I’ve just come back from Japan and become really interested with its history, and the subject of the Emperor’s retirement was huge in Tokyo since it would be the first time in history that a Japanese Emperor retires.

In less than a month from now, Emperor Akihito will step down from his throne and pass his title on to his first-born, Crown Prince Naruhito. The Emperor’s retirement will not only mark the end of the Heisei era but also make him the first ever Emperor in Japanese history to break the tradition of remaining active until one’s death, which was stipulated in the Meiji era.

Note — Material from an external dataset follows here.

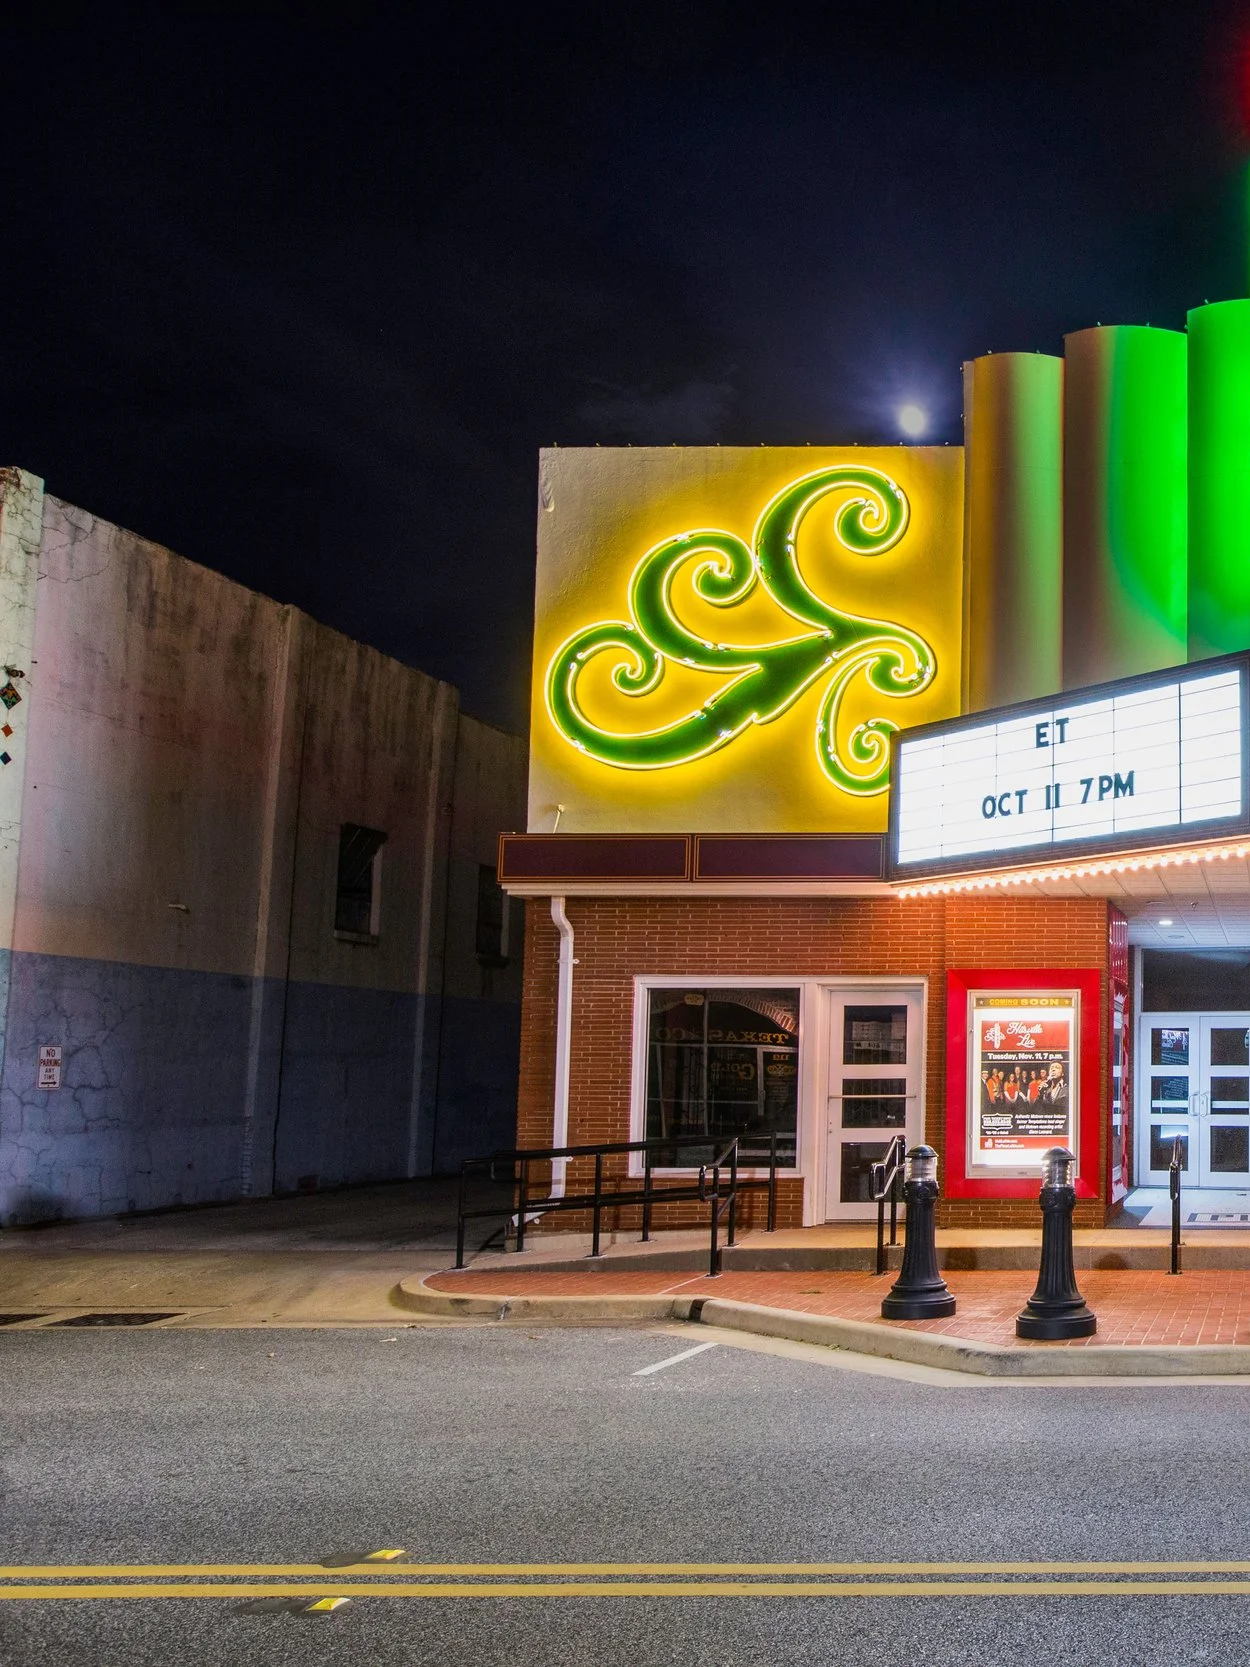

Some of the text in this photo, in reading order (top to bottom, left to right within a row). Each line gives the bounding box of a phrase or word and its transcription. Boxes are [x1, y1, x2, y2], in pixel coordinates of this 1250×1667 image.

On August 7th 2016, Emperor Akihito informed the nation via a prerecorded video, that due to his health he was worried that he wouldn’t be able “to carry out my duties as the symbol of the State with my whole being as I have done until now”. After the video was aired the Japanese government started preparing for their leader’s retirement, and after much discussion a law proposed by the Diet — Japan’s national legislature — (March 2017), was approved  by the national cabinet in May 2017, making it possible for the throne to be passed down to the Crown Prince.

The Meiji’s tradition of waiting for the current emperor’s death until introducing a new leader was meant to prevent dual authority, so for the first time both current and, the former emperor will be alive at the same time. The conditions of the abdication, dictate that once retired both Emperor and Empress will retain their current living expenses, security and transportation, but they will lose all official duties and may even not be allowed to attend the succession ceremony.

Emperor Akihito and Empress Michiko will move to the Togu Palace on the Akasaka Estate in Tokyo, however, post-abdication will be renamed Sento Imperial Palace, meaning “residence of the Joko (the emperor’s new title).”

The Emperor’s official abdication is scheduled for April 30th 2019, right after the general elections, and the ascension of the Crown Prince following directly on the day after, the official name of the new era being revealed a month prior.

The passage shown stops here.